El hombre, como dijo anteriormente, comparte con el animal sus deseos de alimento, de abrigo y de conservación de la propia vida; pero aspira también a obtener otras metas, como la de contar con el afecto de los demás y cumplir su ambición a que se le reconozca como ser humano; no busca exclusivamente las comodidades sino el respeto que siente merecer por tener cierto grado de dignidad y valor.

El anhelo de reconocimiento es aquella parte de la personalidad que empuja al hombre a afirmarse en su ser, que siente la necesidad de darse valor a sí mismo, de dar valor a los demás y a los actos y objetos que forman parte de su mundo.

El deseo de reconocimiento equivale al “thymos” de Platón y es análogo al afán de gloria y al amor propio de Rousseau. Platón relacionaba el thymos con el valor que uno se da así mismo, es decir, la autoestima, y con la dignidad en el sentido del valer de la persona.

En “La República”, el thymos significa la congregación de las virtudes nobles como el valer, el idealismo, la generosidad, la honorabilidad, la moralidad y el espíritu de sacrificio. El thymos es entonces, para Platón, la sede de lo que los sociólogos de hoy llaman valores.

El afán de reconocimiento se sustenta en el valer que el hombre siente haber alcanzado por méritos propios y se relaciona con el poder que le permite actuar con ventaja en la vida en comunidad. Poder y valer son valores que abren al hombre espacios en donde se puede desempeñar con éxito para alcanzar los logros que anhela en su existencia.

De allí que la pérdida del poder, sentida como una disminución de los espacios en que se actúa, y la del valer como un empobrecimiento de la autoestima, crean situaciones existenciales en el hombre que pueden reforzar su determinación de quitarse la vida.
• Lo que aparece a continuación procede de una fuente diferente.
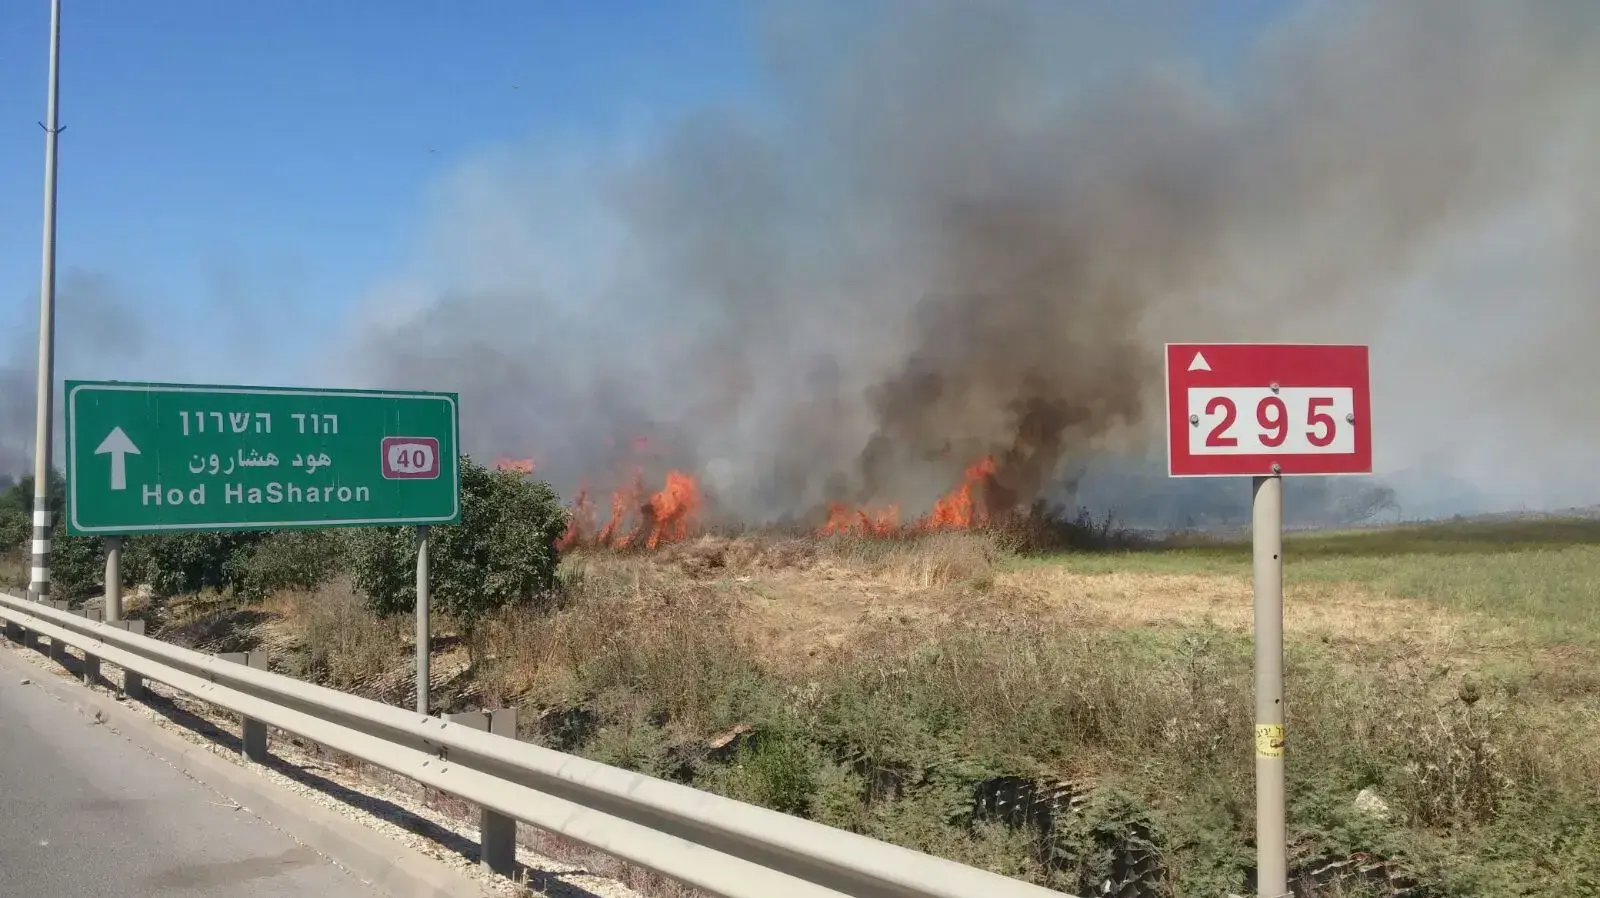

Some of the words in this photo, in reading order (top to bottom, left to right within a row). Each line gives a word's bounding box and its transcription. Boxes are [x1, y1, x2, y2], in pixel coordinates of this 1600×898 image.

[179, 410, 272, 436] השרון
[290, 412, 338, 434] הוד
[1204, 396, 1337, 448] 295
[188, 449, 280, 474] هشارون
[291, 454, 332, 474] هود
[396, 449, 427, 469] 40
[142, 484, 206, 506] Hod
[224, 482, 370, 504] HaSharon
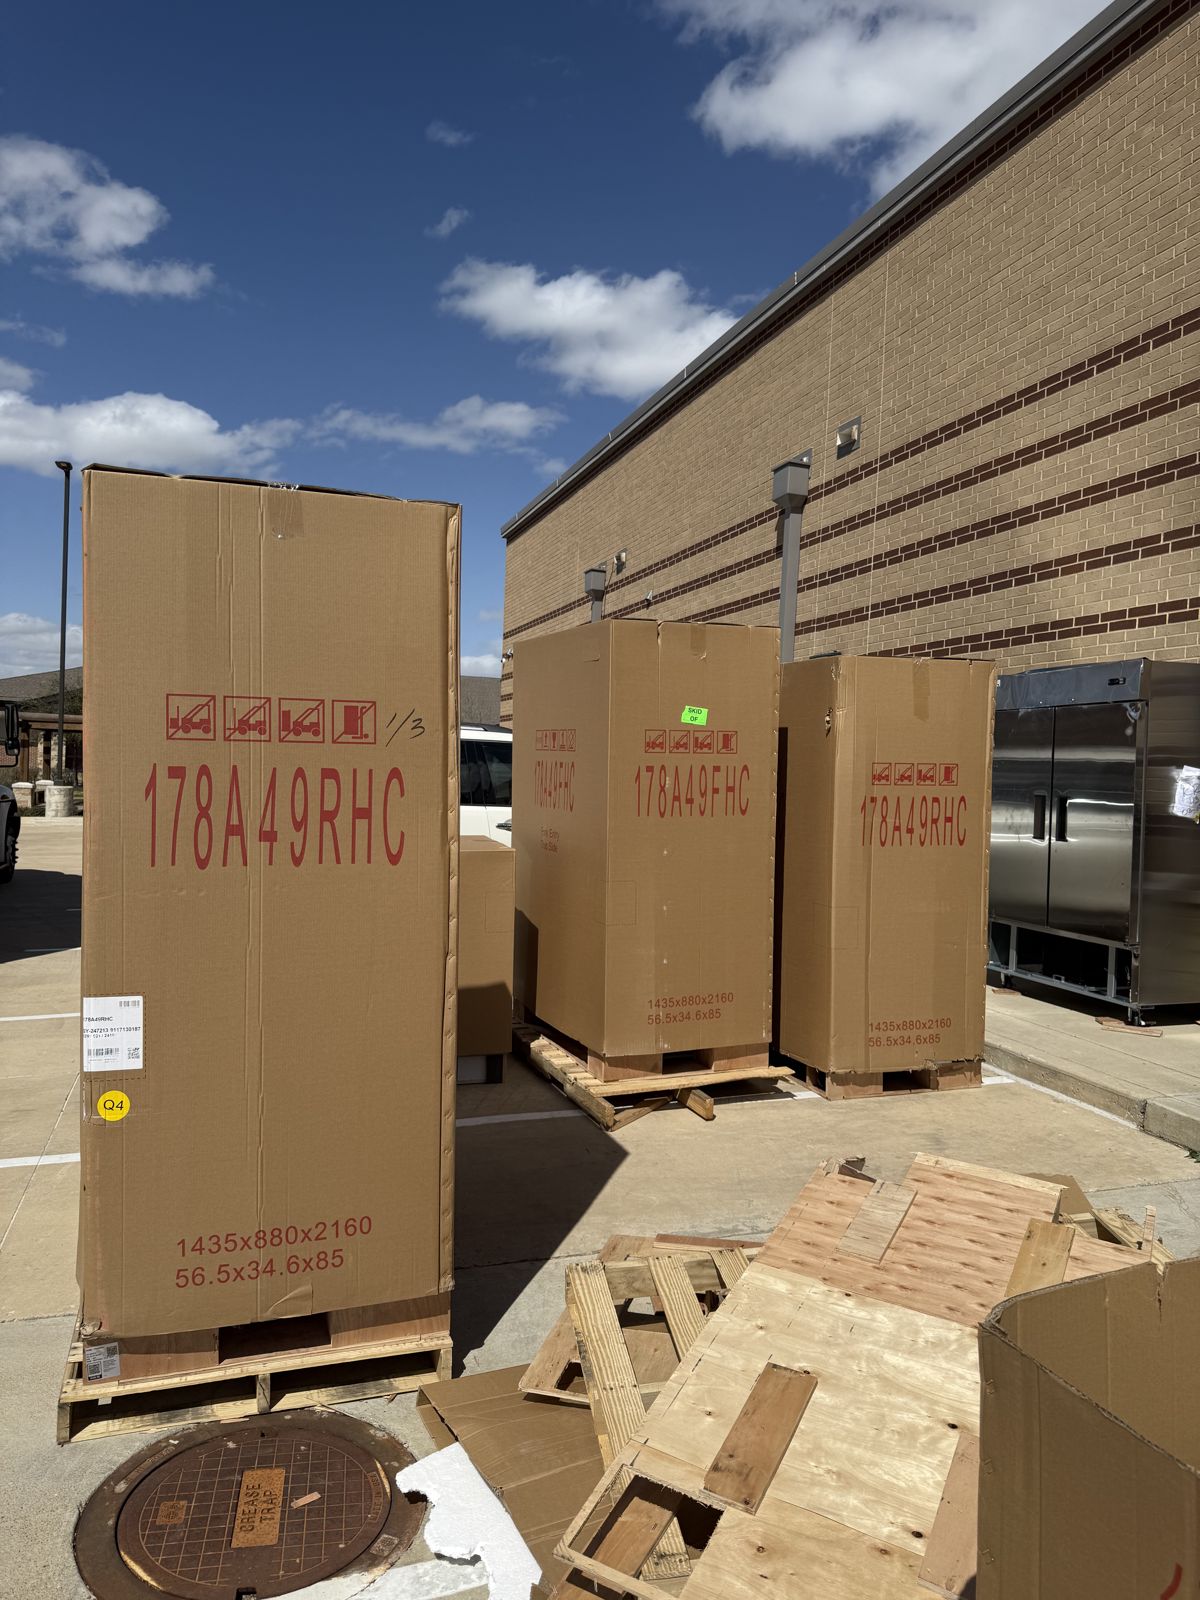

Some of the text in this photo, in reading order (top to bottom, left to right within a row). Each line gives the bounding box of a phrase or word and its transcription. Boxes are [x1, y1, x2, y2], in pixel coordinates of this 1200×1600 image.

Independientemente de las motivaciones de las gentes que las llevan a suicidarse, de las que se han ocupado con amplitud e inteligencia los autores del libro, considero razonable pensar desde un punto de vista filosófico que el ser humano al quitarse la vida está buscando no solamente dejar de existir, que implicaría necesariamente el haber existido, sino algo más radical, más contundente y más definitivo: la noexistencia, el no haber existido jamás. Para algunos, ciertamente, una ambición más fuerte que el instinto de conservar la vida.